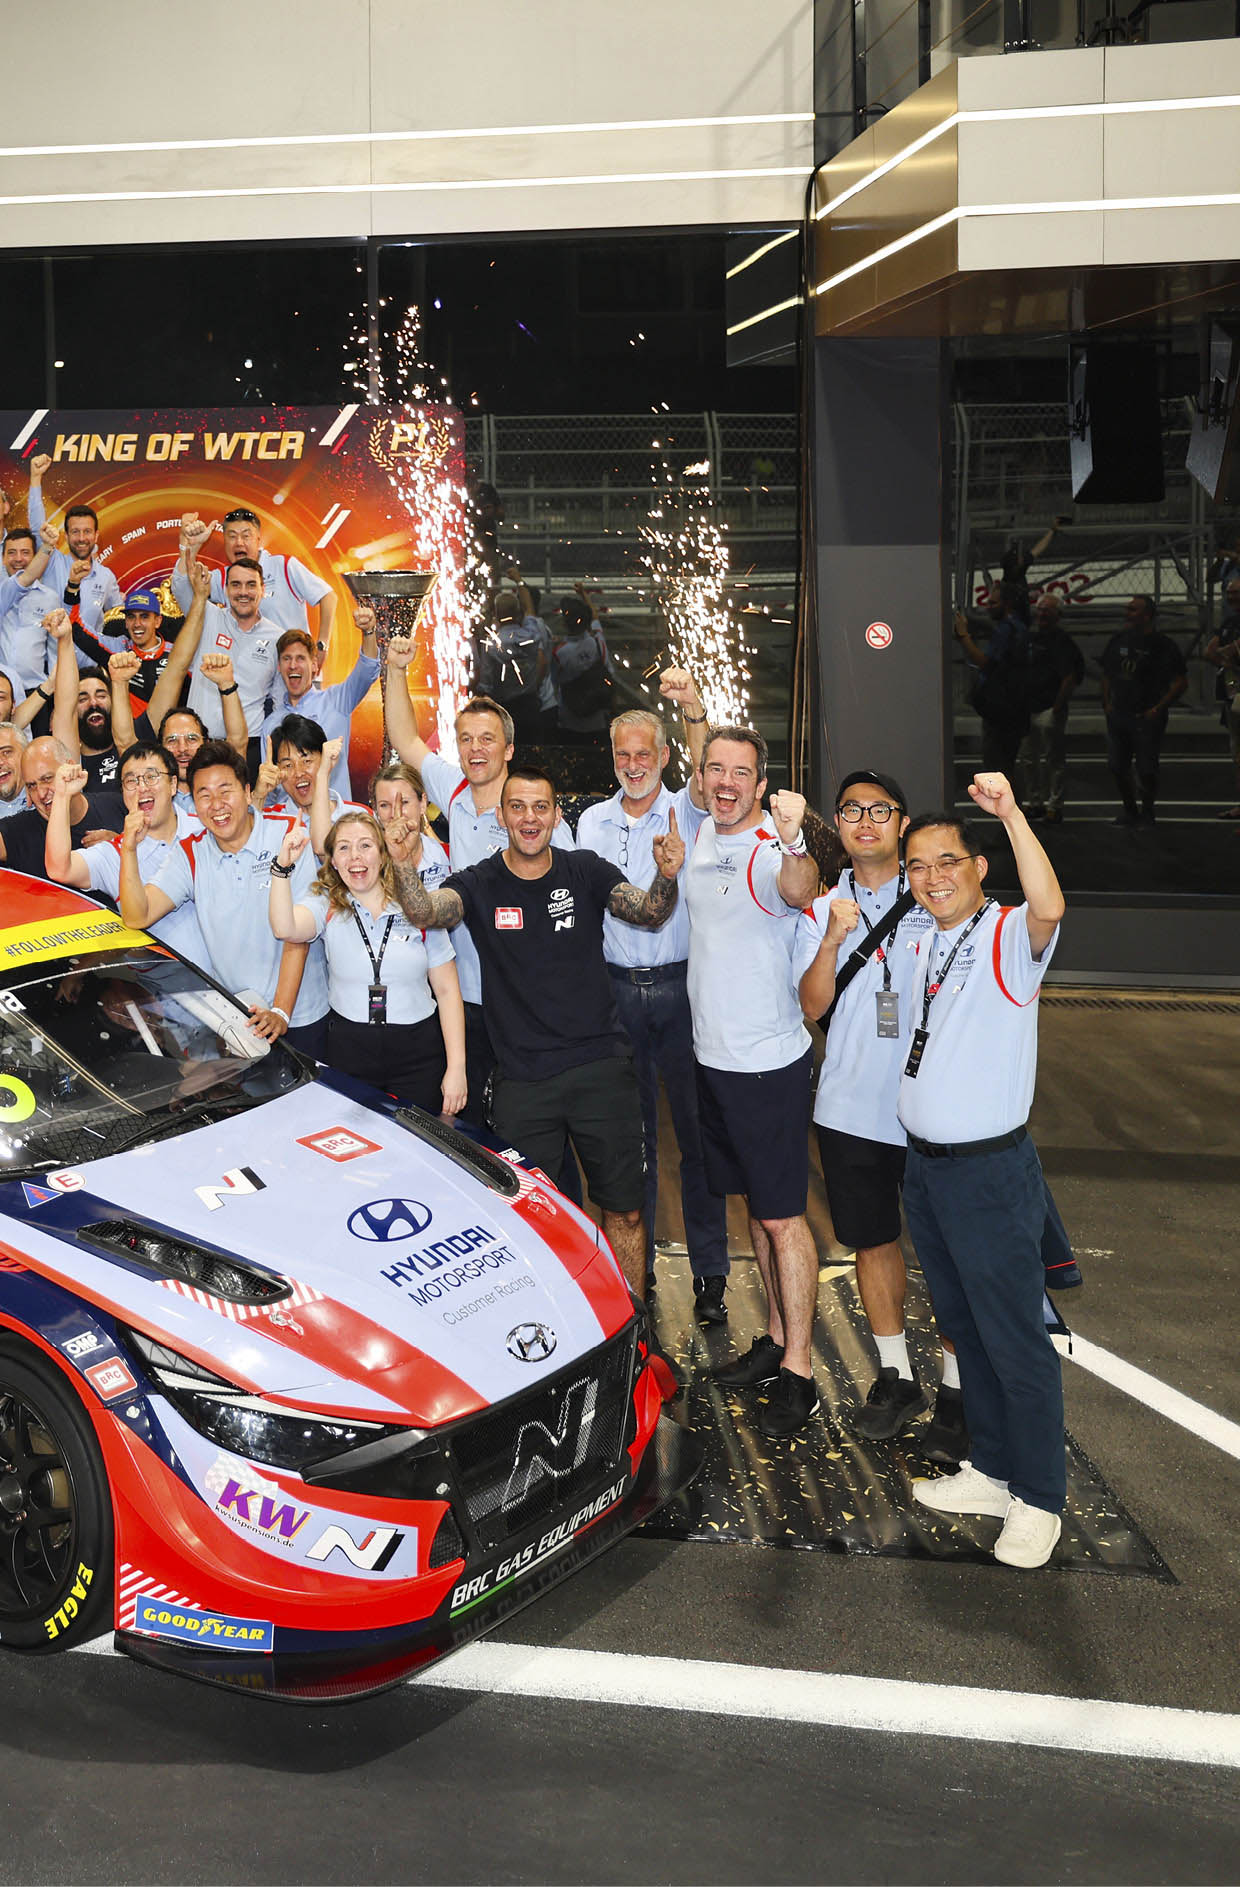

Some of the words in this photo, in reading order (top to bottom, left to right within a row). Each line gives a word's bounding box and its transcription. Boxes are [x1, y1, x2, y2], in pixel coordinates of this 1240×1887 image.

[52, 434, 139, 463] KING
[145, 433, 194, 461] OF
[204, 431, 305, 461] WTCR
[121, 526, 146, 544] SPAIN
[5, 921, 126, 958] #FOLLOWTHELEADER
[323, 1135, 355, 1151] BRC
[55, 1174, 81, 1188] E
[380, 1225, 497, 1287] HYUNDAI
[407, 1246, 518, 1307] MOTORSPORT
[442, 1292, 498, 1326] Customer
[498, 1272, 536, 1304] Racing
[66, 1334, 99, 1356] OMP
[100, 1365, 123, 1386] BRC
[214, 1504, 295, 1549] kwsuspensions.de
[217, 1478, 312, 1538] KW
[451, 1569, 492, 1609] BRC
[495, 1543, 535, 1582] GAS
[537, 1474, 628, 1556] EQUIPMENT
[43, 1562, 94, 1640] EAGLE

==============================

Task description
Every line of the material must be returned exactly; leave the images out.

The completed task
Some of the words in this photo, in reading order (top to bottom, left to right within a row). Each line gives a word's bounding box and its transcription. Boxes are [x1, y1, x2, y2], in pixel coordinates of this 1240×1887 image.

[52, 434, 139, 463] KING
[145, 433, 194, 461] OF
[204, 431, 305, 461] WTCR
[121, 526, 146, 544] SPAIN
[5, 921, 126, 958] #FOLLOWTHELEADER
[323, 1135, 355, 1151] BRC
[55, 1174, 81, 1188] E
[380, 1225, 497, 1287] HYUNDAI
[407, 1246, 518, 1307] MOTORSPORT
[442, 1292, 498, 1326] Customer
[498, 1272, 536, 1304] Racing
[66, 1334, 99, 1356] OMP
[100, 1365, 123, 1386] BRC
[214, 1504, 295, 1549] kwsuspensions.de
[217, 1478, 312, 1538] KW
[451, 1569, 492, 1609] BRC
[495, 1543, 535, 1582] GAS
[537, 1474, 628, 1556] EQUIPMENT
[43, 1562, 94, 1640] EAGLE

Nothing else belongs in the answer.